TEXT OF INTERVIEW
Scott Jagow: European plane maker Airbus warned today that 2008 will be half as good as 2007 — well, in terms of new orders for planes. Airbus said it’s likely to sell 700 planes this year compared to 1,400 last year.
We’re joined by our European correspondent, Stephen Beard, in London. Stephen, I guess the most obvious question is, why?
Stephen Beard: Well, Airbus says this is really a reflection of how good things were last year. I mean, it was a record year — Airbus and Boeing between them took orders for 2,750 new planes, a lot of the demand coming from emerging markets. Industry analysts say both Boeing and Airbus will see a decline in new orders.
Jagow: We’ve heard about problems with Airbus for months now about the exchange issue, the euro versus the dollar. That has to be playing a part, doesn’t it?

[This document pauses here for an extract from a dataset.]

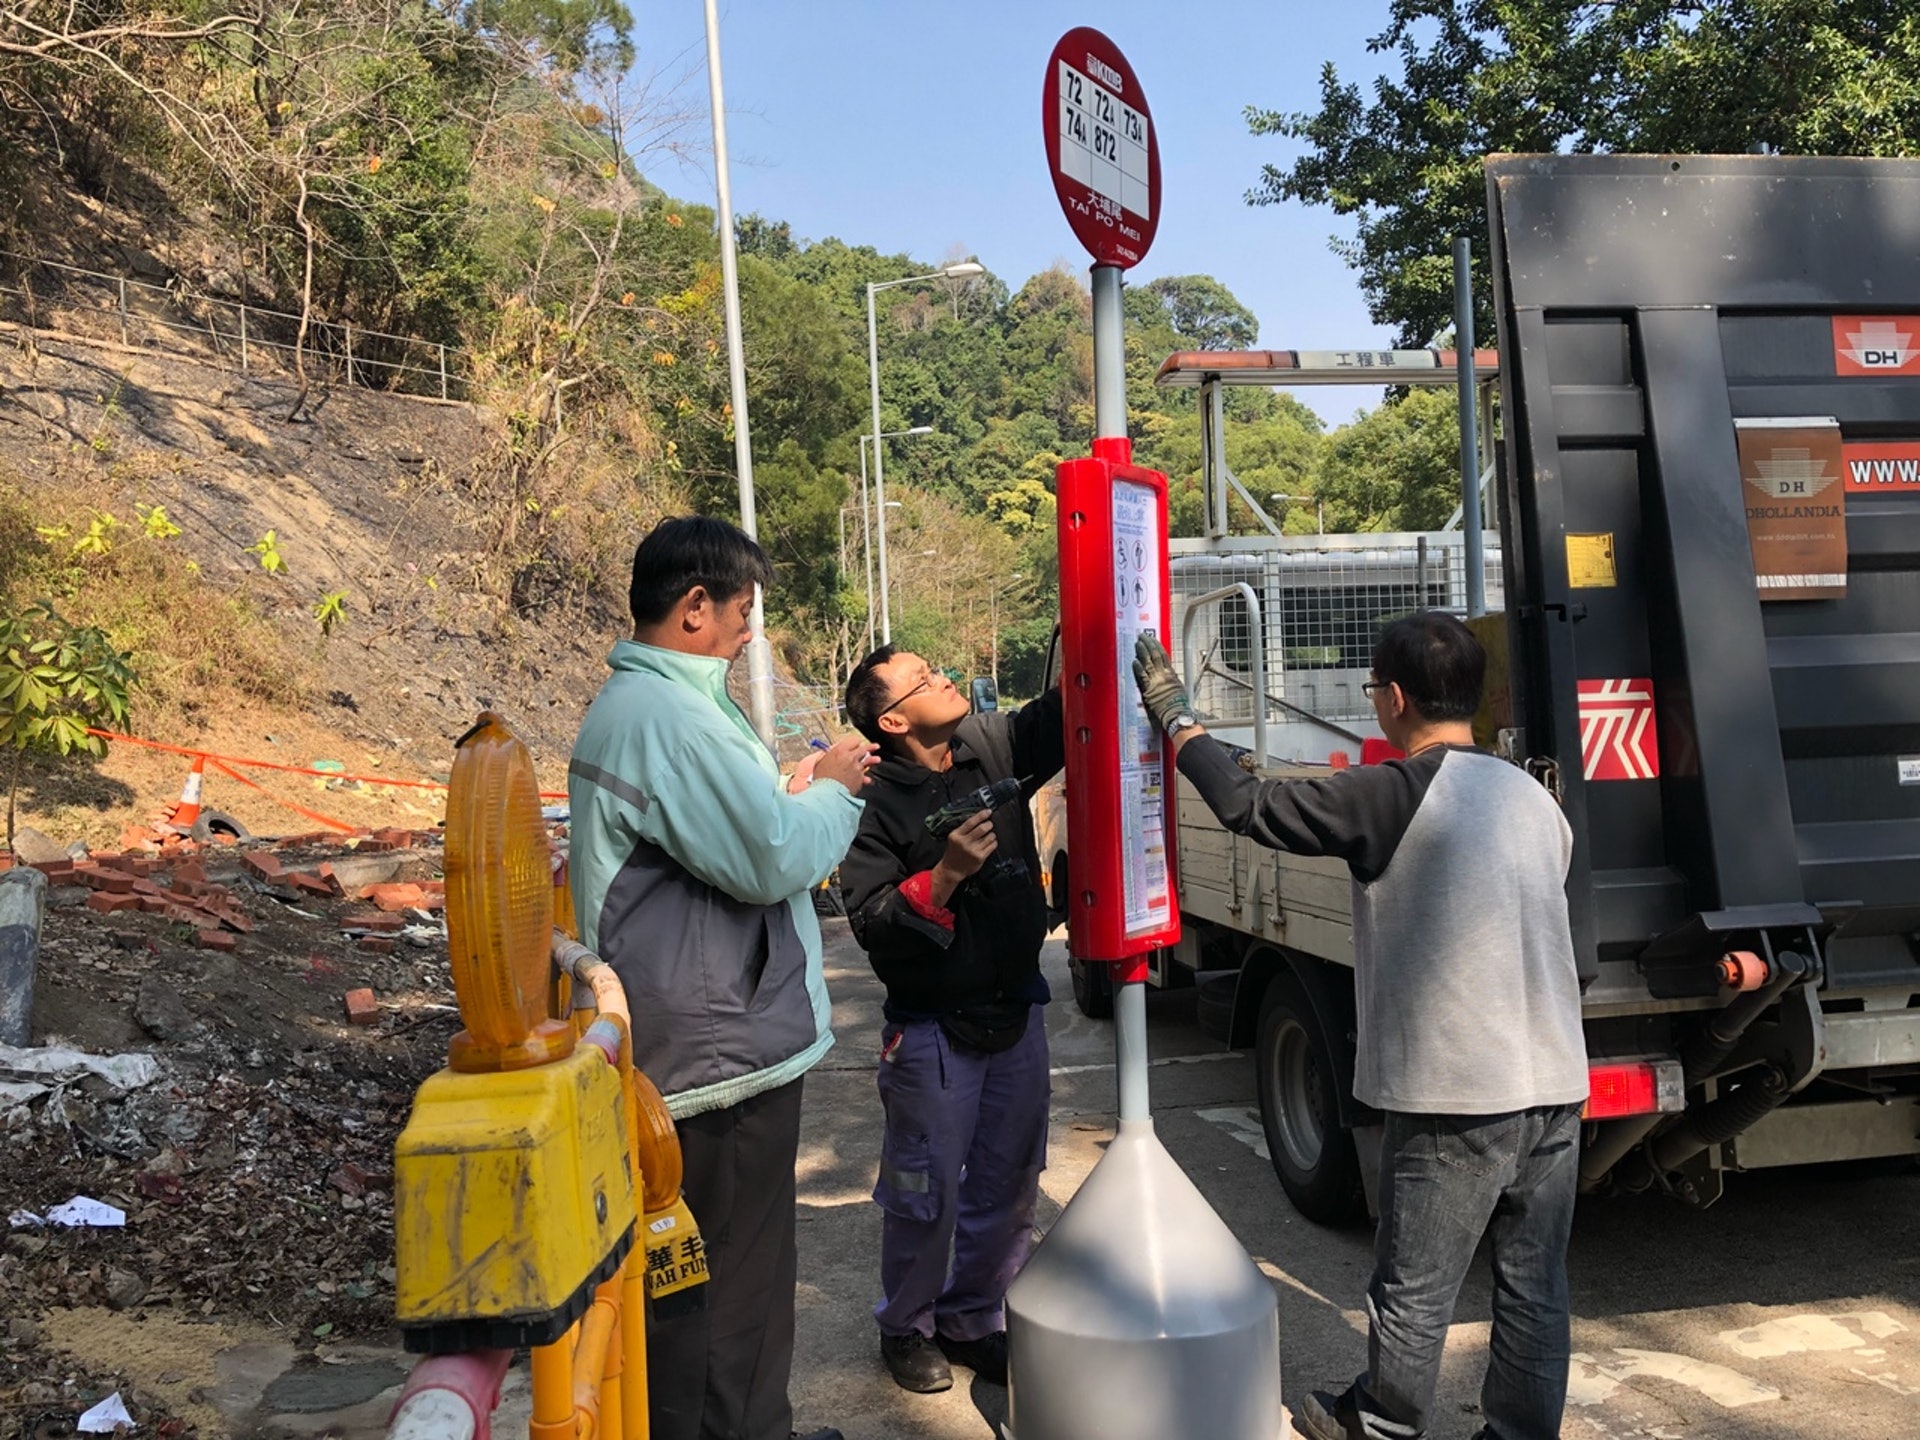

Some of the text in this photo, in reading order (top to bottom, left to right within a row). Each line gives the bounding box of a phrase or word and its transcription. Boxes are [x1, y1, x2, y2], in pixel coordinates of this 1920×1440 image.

Beard: It’s affecting Airbus’ bottom line. Airbus has a huge disadvantage, compared with its old rival, Boeing, at the moment, and that is that Airbus’ costs are in euros, which have been going up in value. But this really just affects its bottom line. In terms of orders, the two companies are more or less on level pegging.
Jagow: But on the whole, we hear about big orders, like aircraft orders, being key economic figure. So how, what might this suggest about the overall global economy?
Beard: Well, aircraft industry analysts say it doesn’t really say too much at this stage. And a point that is worth making is that both Boeing and Airbus have more than enough work to keep them going. Airbus has a backlog of something like 3,400 aircraft to build — that’s gonna keep Airbus going for at least six years.
Jagow: All right, Stephen Beard in London. Thank you.
Beard: OK, Scott.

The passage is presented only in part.